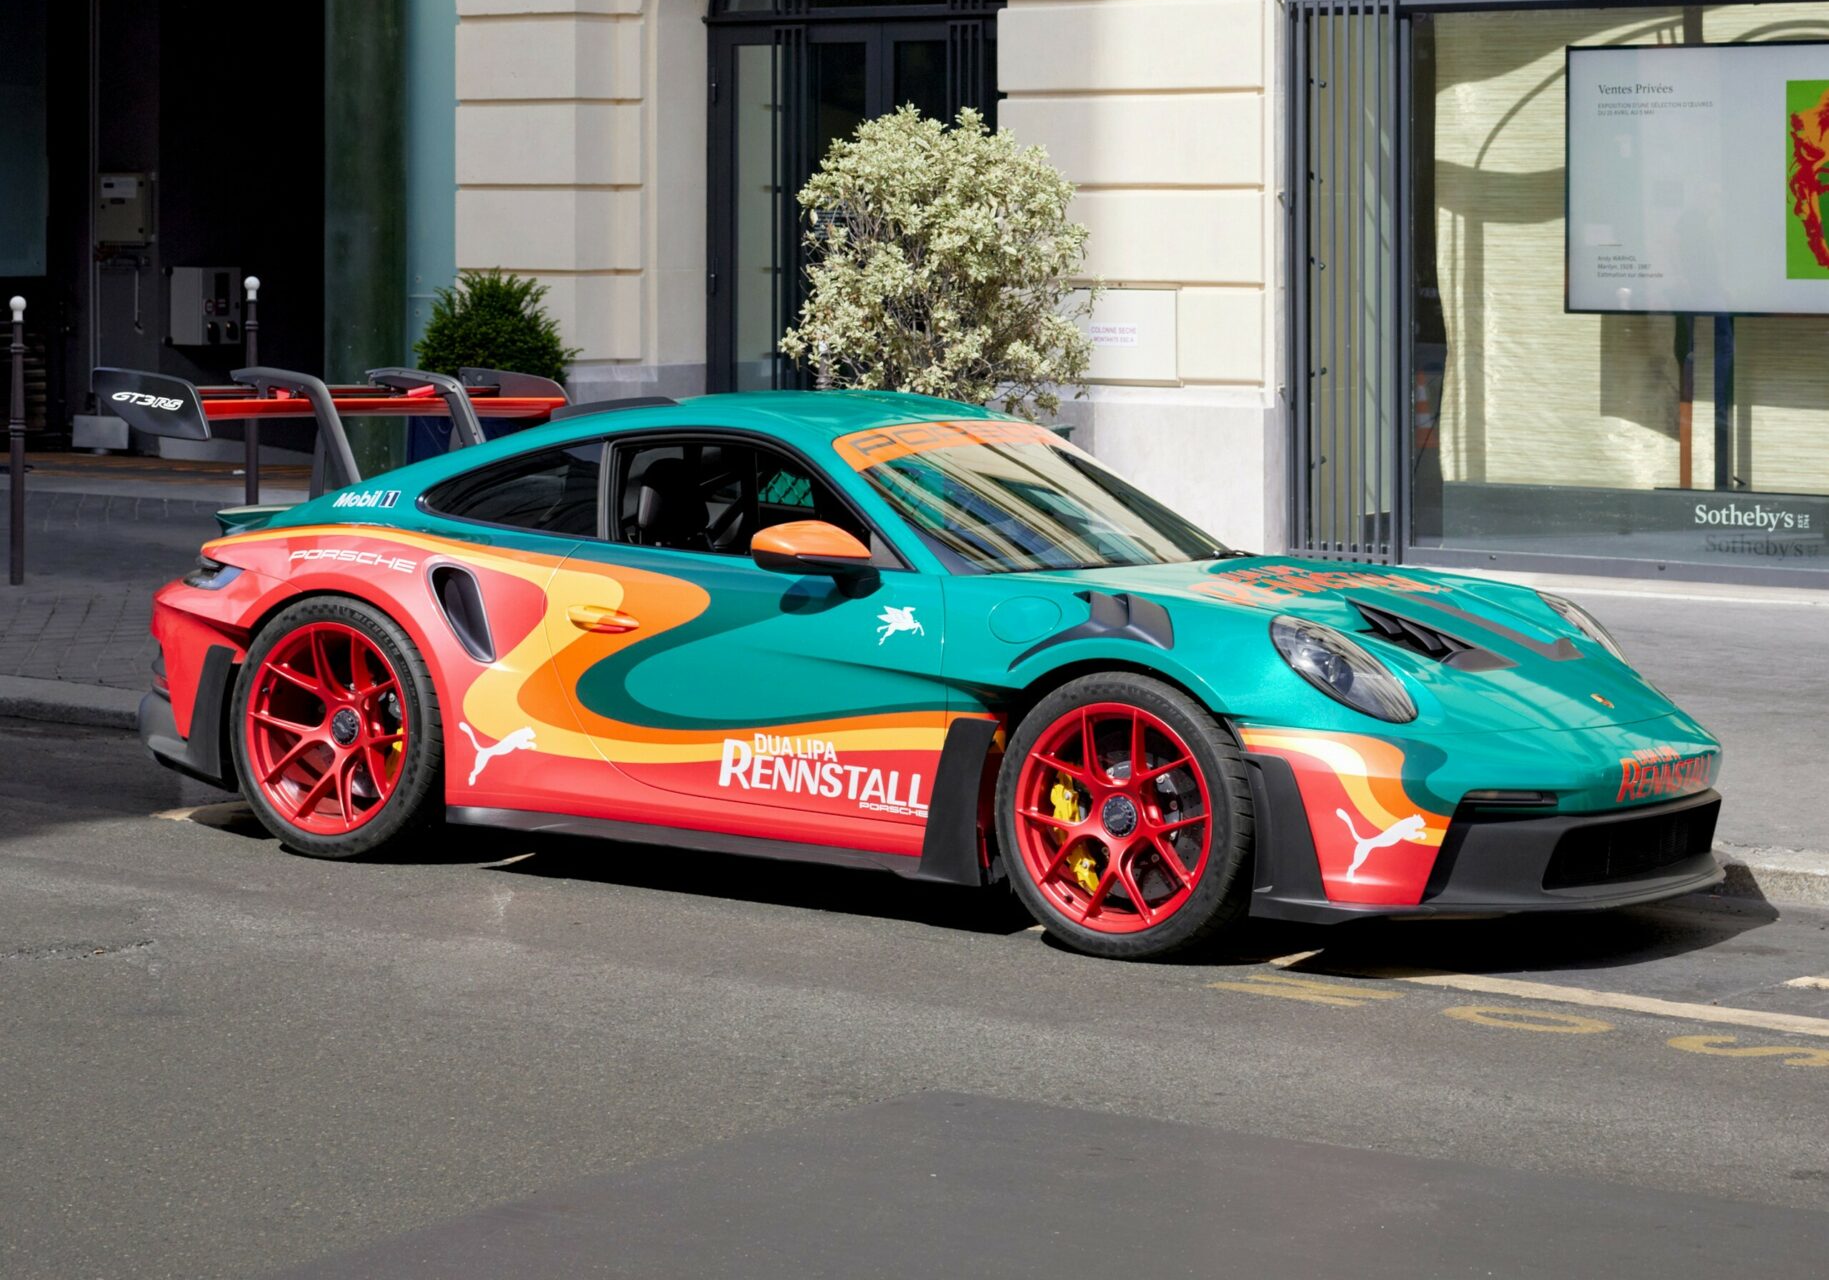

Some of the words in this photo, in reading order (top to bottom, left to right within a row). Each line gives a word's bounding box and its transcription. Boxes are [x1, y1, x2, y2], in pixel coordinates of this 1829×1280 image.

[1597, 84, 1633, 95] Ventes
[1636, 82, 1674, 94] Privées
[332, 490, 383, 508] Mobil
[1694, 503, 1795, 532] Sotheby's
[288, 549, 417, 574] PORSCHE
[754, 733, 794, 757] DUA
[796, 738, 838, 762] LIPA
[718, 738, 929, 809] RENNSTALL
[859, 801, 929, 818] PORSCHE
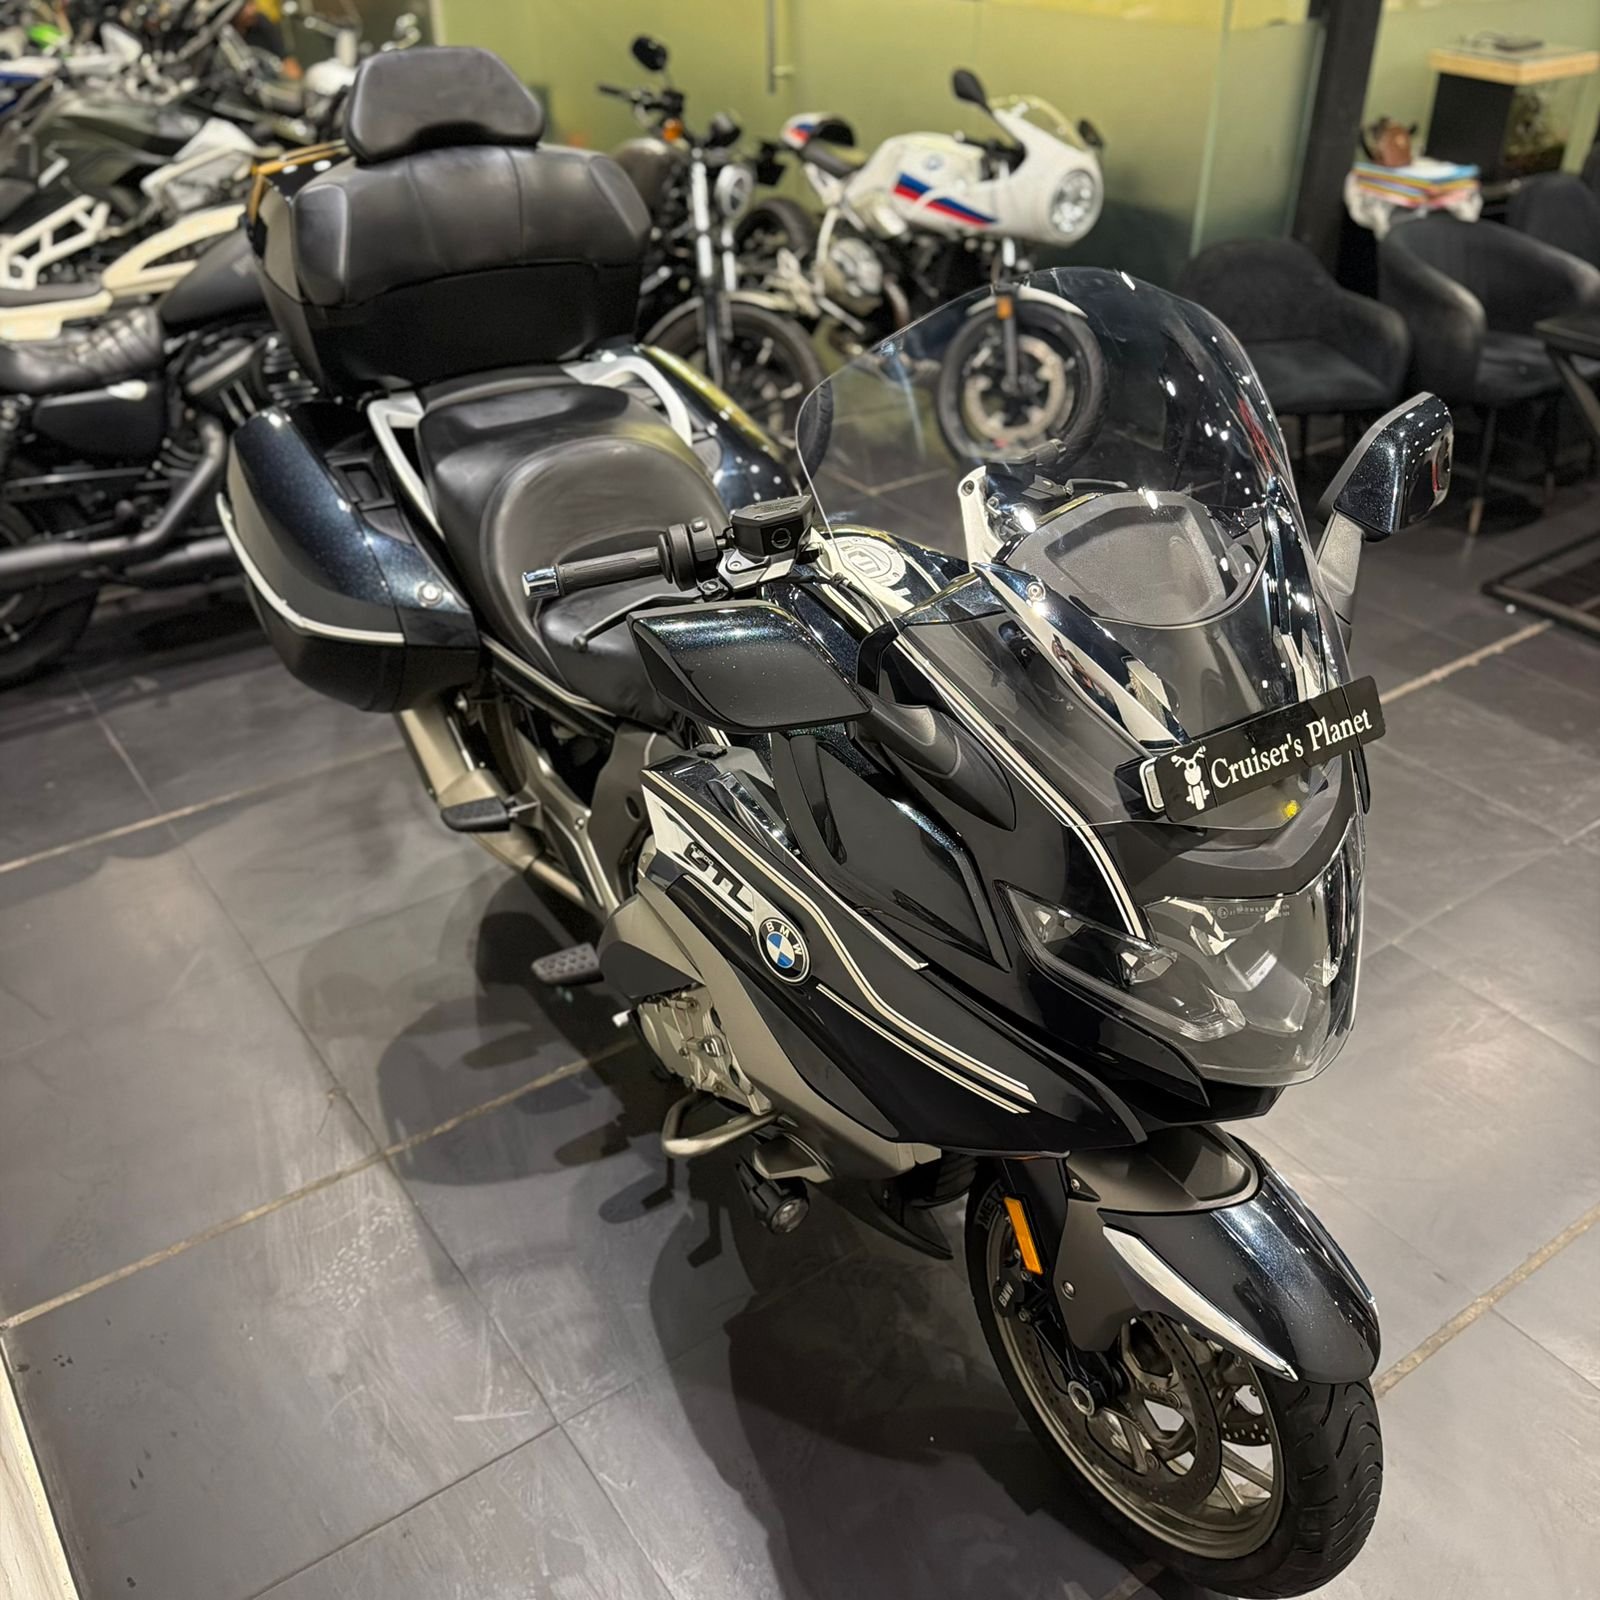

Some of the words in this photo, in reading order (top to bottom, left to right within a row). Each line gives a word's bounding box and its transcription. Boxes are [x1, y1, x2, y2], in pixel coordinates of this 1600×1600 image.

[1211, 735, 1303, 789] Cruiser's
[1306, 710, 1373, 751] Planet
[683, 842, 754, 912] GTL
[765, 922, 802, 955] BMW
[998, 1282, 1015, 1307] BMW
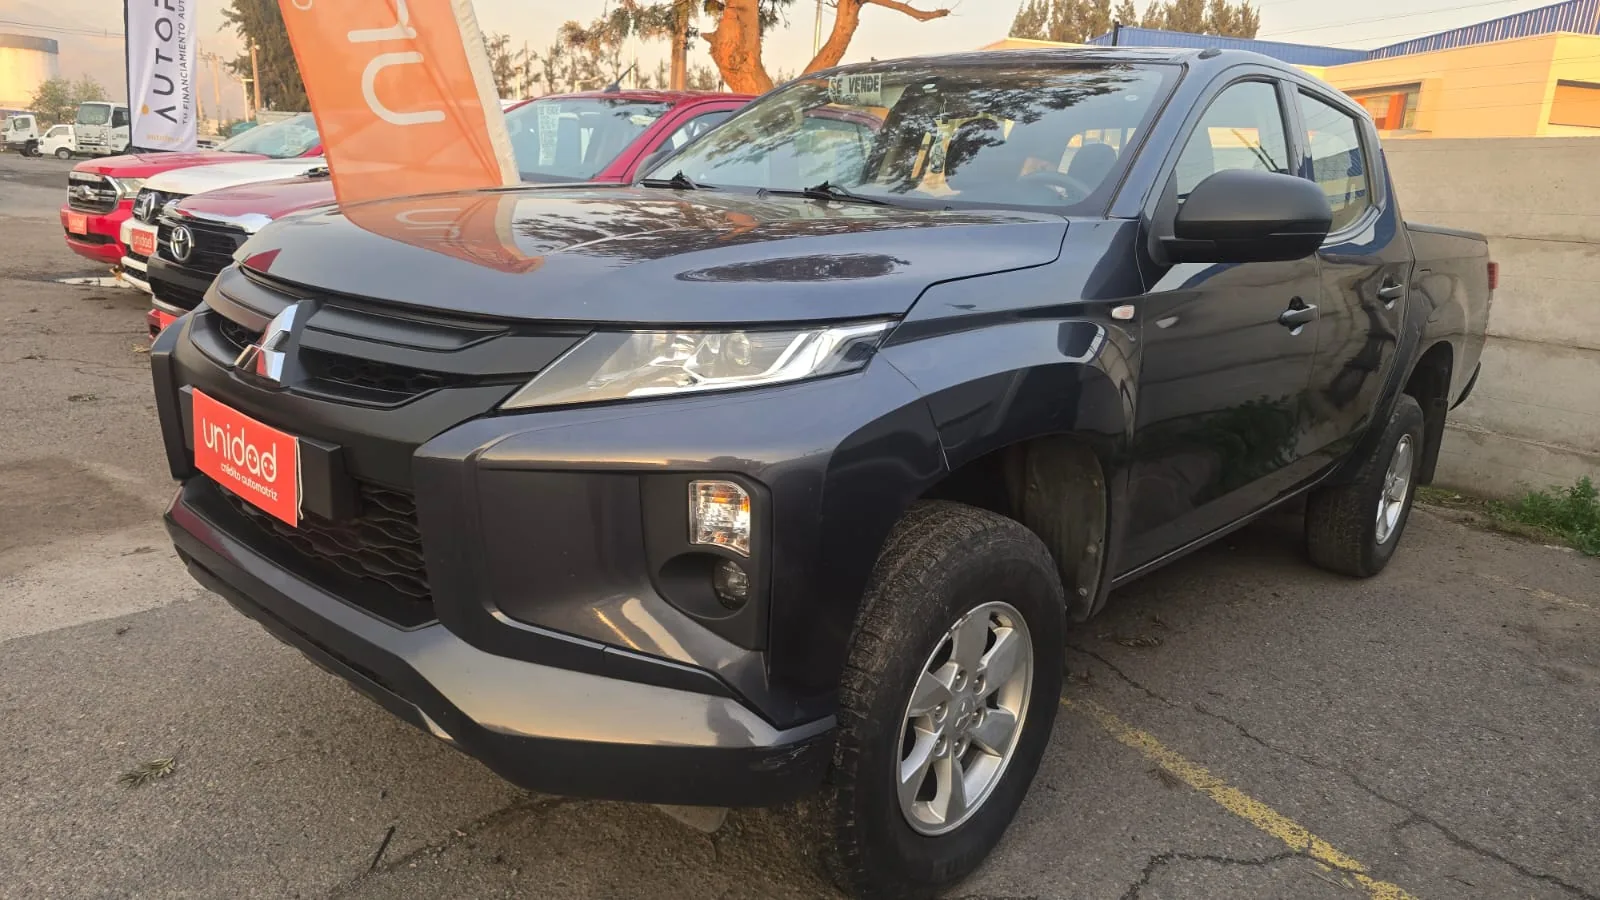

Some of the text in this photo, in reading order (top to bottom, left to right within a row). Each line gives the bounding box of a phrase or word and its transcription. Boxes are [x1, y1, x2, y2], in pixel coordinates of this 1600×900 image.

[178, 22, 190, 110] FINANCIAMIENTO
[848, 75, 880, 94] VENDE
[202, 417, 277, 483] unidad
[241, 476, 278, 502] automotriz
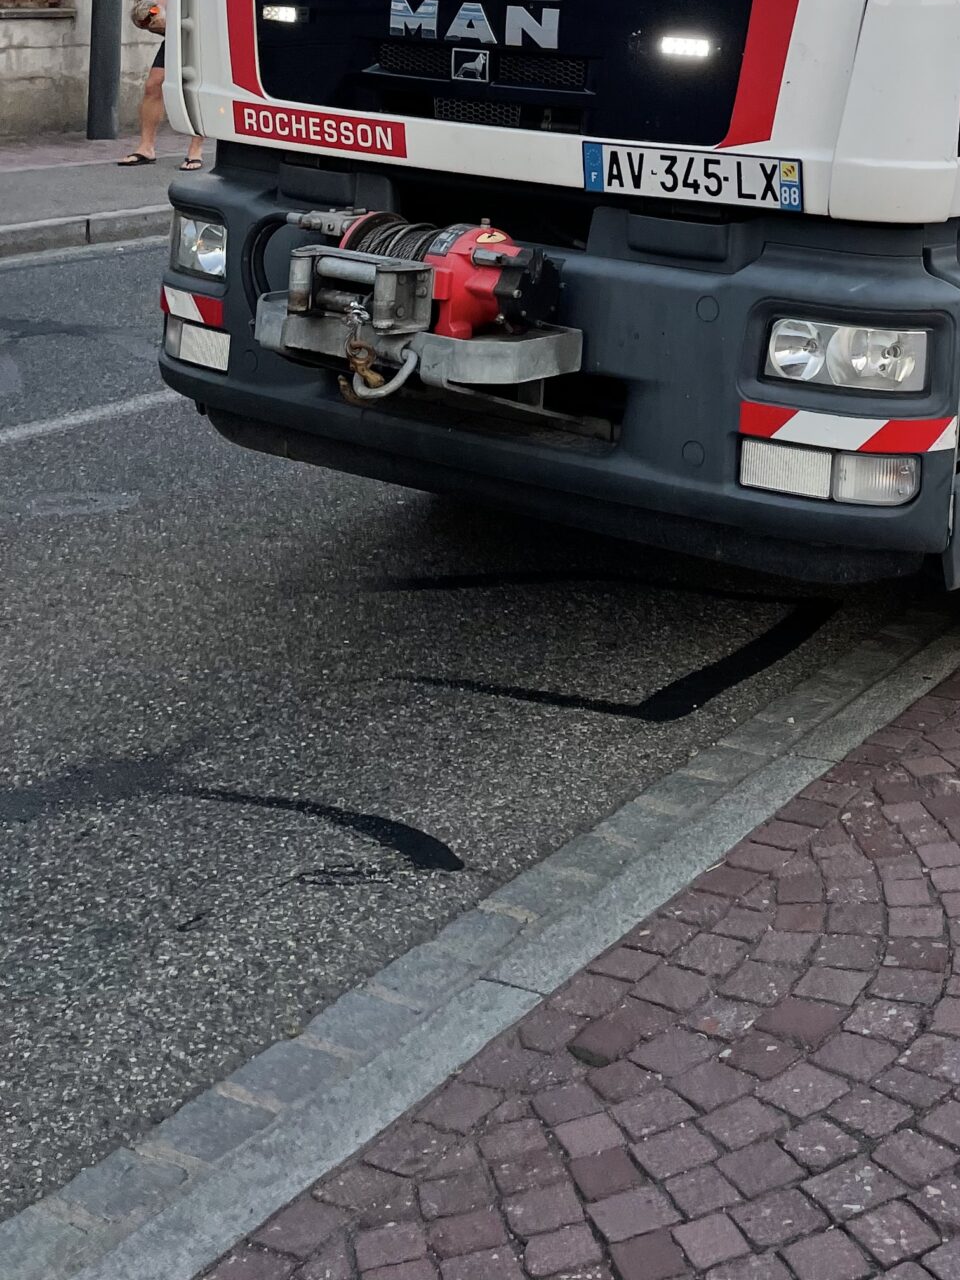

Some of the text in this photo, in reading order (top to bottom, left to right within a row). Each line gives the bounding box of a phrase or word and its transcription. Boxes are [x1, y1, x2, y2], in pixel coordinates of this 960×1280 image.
────────
AIM OF THE TASK
When you copy the data, keep every line exact and leave out each picture.

ANSWER SECTION
Some of the words in this photo, in reading order (top to bottom, left to right within a row). Each line gives a word's bounding box and its transcription. Boxes are [x1, y1, x2, y2], in pixel coordinates of this 1829×1280 image.

[1597, 84, 1633, 95] Ventes
[1636, 82, 1674, 94] Privées
[332, 490, 383, 508] Mobil
[1694, 503, 1795, 532] Sotheby's
[288, 549, 417, 574] PORSCHE
[754, 733, 794, 757] DUA
[796, 738, 838, 762] LIPA
[718, 738, 929, 809] RENNSTALL
[859, 801, 929, 818] PORSCHE

Some of the words in this photo, in reading order (top to bottom, left to right within a row). Each line gives a word's bounding box and its transcription. Boxes are [x1, y1, x2, y2], in pixel coordinates of this 1600×1600 image.

[1211, 735, 1303, 789] Cruiser's
[1306, 710, 1373, 751] Planet
[683, 842, 754, 912] GTL
[765, 922, 802, 955] BMW
[998, 1282, 1015, 1307] BMW

Some of the text in this photo, in reading order (top to bottom, left to right within a row). Each line gives the bounding box of a phrase or word and its transcription. Boxes are [x1, y1, x2, y2], in pixel coordinates of this 1600×900 image.

[178, 22, 190, 110] FINANCIAMIENTO
[848, 75, 880, 94] VENDE
[202, 417, 277, 483] unidad
[241, 476, 278, 502] automotriz

Some of the text in this photo, in reading order (top to bottom, left to right within a row). Each line gives the bounding box of a phrase or word and its transcription. Boxes are [x1, y1, x2, y2], in pixel coordinates of this 960×1280 image.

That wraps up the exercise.